Identify the VPC associated with the default security group by navigating to the Amazon VPC management console.
- 2.
Select the default security group and review its inbound and outbound rules.
- 3.
If there are any specific rules allowing inbound or outbound traffic for the FedRAMP Low Revision 4 compliance level, note them down for removal.
- 4.
Determine the resources associated with the default security group that require inbound or outbound communication.
- 5.
If necessary, create a new security group with the appropriate rules to allow communication for the specific resources.
- 6.
Update the security group associated with the resources to use the new security group created in the previous step.
- 7.
Once the affected resources have been updated, remove the specific inbound and outbound rules from the default security group that allowed communication for the FedRAMP Low Revision 4 compliance level.
- 8.
Confirm that the default security group no longer allows any inbound or outbound traffic for the FedRAMP Low Revision 4 compliance level.
Necessary Code:
No specific code is required for this rule, as it involves configuring and modifying security groups through the AWS Management Console or CLI.

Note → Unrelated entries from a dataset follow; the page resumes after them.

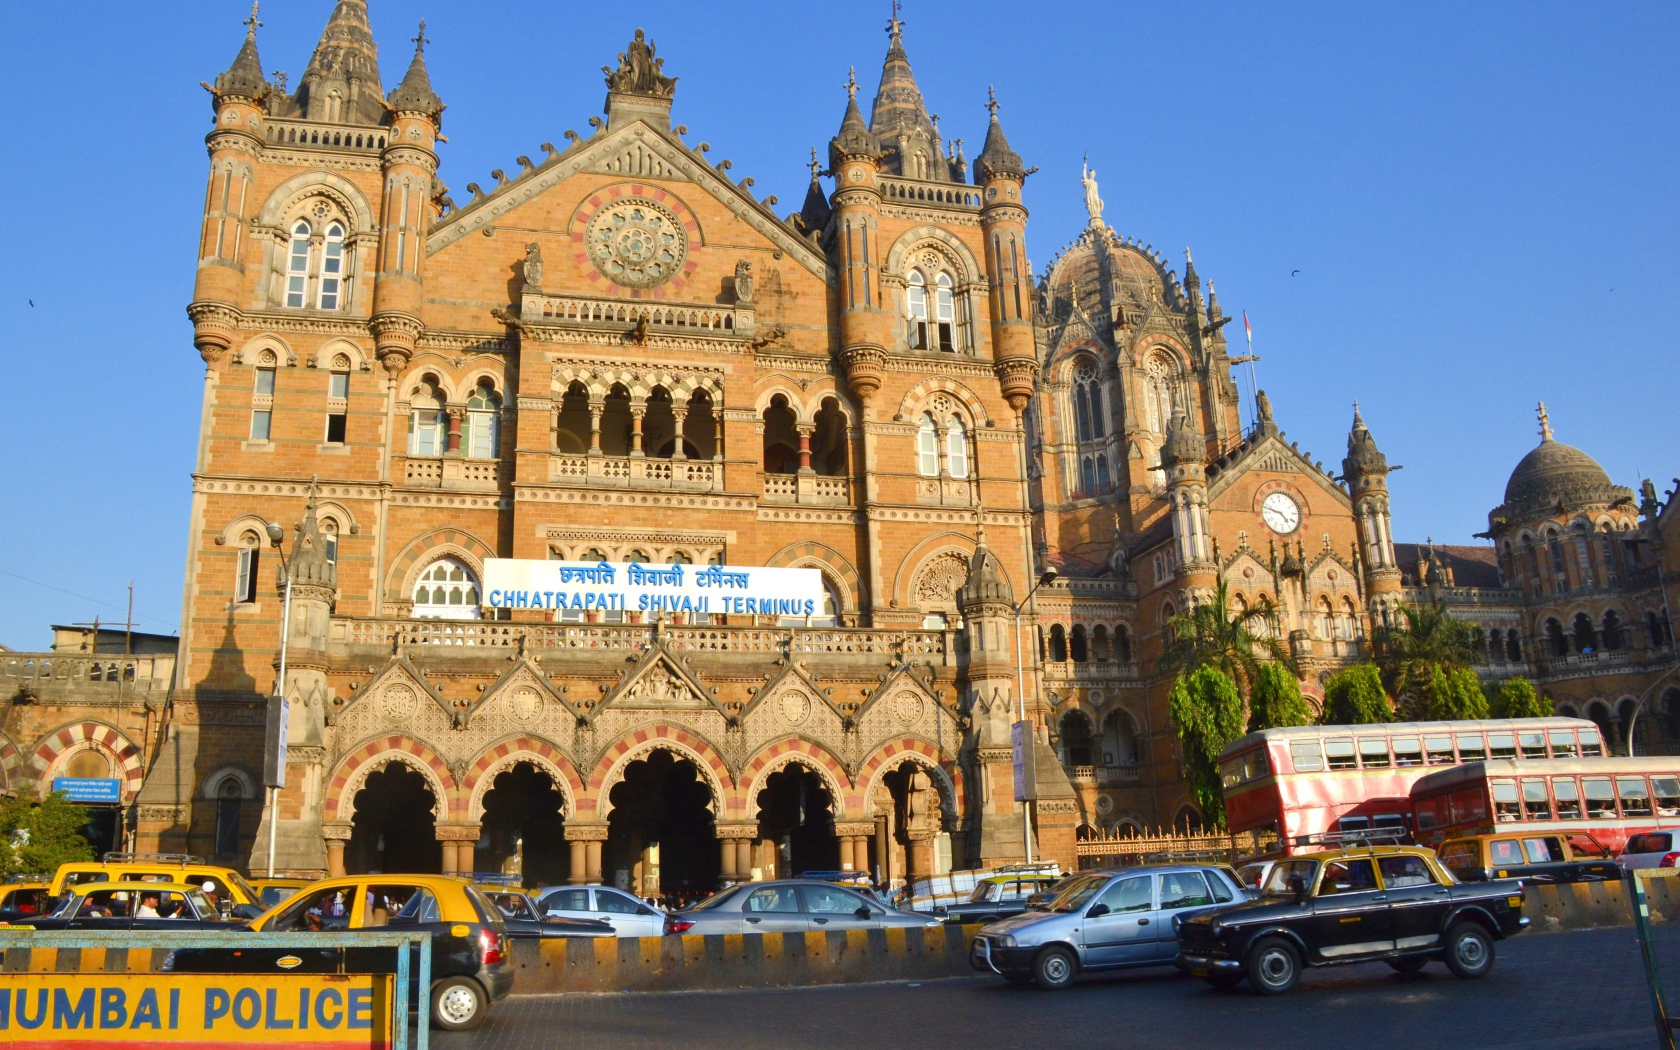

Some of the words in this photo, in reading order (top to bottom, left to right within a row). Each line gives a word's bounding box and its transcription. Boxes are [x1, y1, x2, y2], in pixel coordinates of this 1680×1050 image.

[560, 561, 616, 584] छत्रपति
[628, 562, 684, 586] शिवाजी
[489, 589, 626, 610] CHHATRAPATI
[639, 593, 709, 612] SHIVAJI
[723, 595, 815, 615] TERMINUS
[0, 988, 180, 1030] UMBAI
[204, 987, 375, 1030] POLICE

Step-by-step Guide for Remediation:
To remediate the default security group allowing inbound and outbound traffic for the FedRAMP Low Revision 4 compliance level, follow these step-by-step instructions:
- 1.
Log in to the AWS Management Console and navigate to the Amazon VPC service.
- 2.
Select the VPC associated with the default security group.
- 3.
Identify the default security group and click on its ID to access the detailed configuration.
- 4.
Review the inbound and outbound rules listed for the default security group.
- 5.
If there are any rules allowing inbound or outbound traffic for the FedRAMP Low Revision 4 compliance level, note them down for removal.
- 6.
Determine the specific resources associated with the default security group that require inbound or outbound communication.
- 7.
Create a new security group with the necessary rules to allow communication for the identified resources.
- 8.
Update the security group associated with the resources to use the newly created security group from the previous step.
- 9.
Once all the affected resources have been updated, remove the specific inbound and outbound rules from the default security group that allowed communication for the FedRAMP Low Revision 4 compliance level.
- 10.
Double-check the default security group's configuration to ensure it no longer allows any inbound or outbound traffic for the FedRAMP Low Revision 4 compliance level.
- 11.
Test the connectivity of the resources associated with the new security group to ensure they can communicate as expected.
Following these steps will ensure that the default security group in the VPC does not allow any inbound or outbound traffic for the FedRAMP Low Revision 4 compliance level, helping to maintain a secure environment.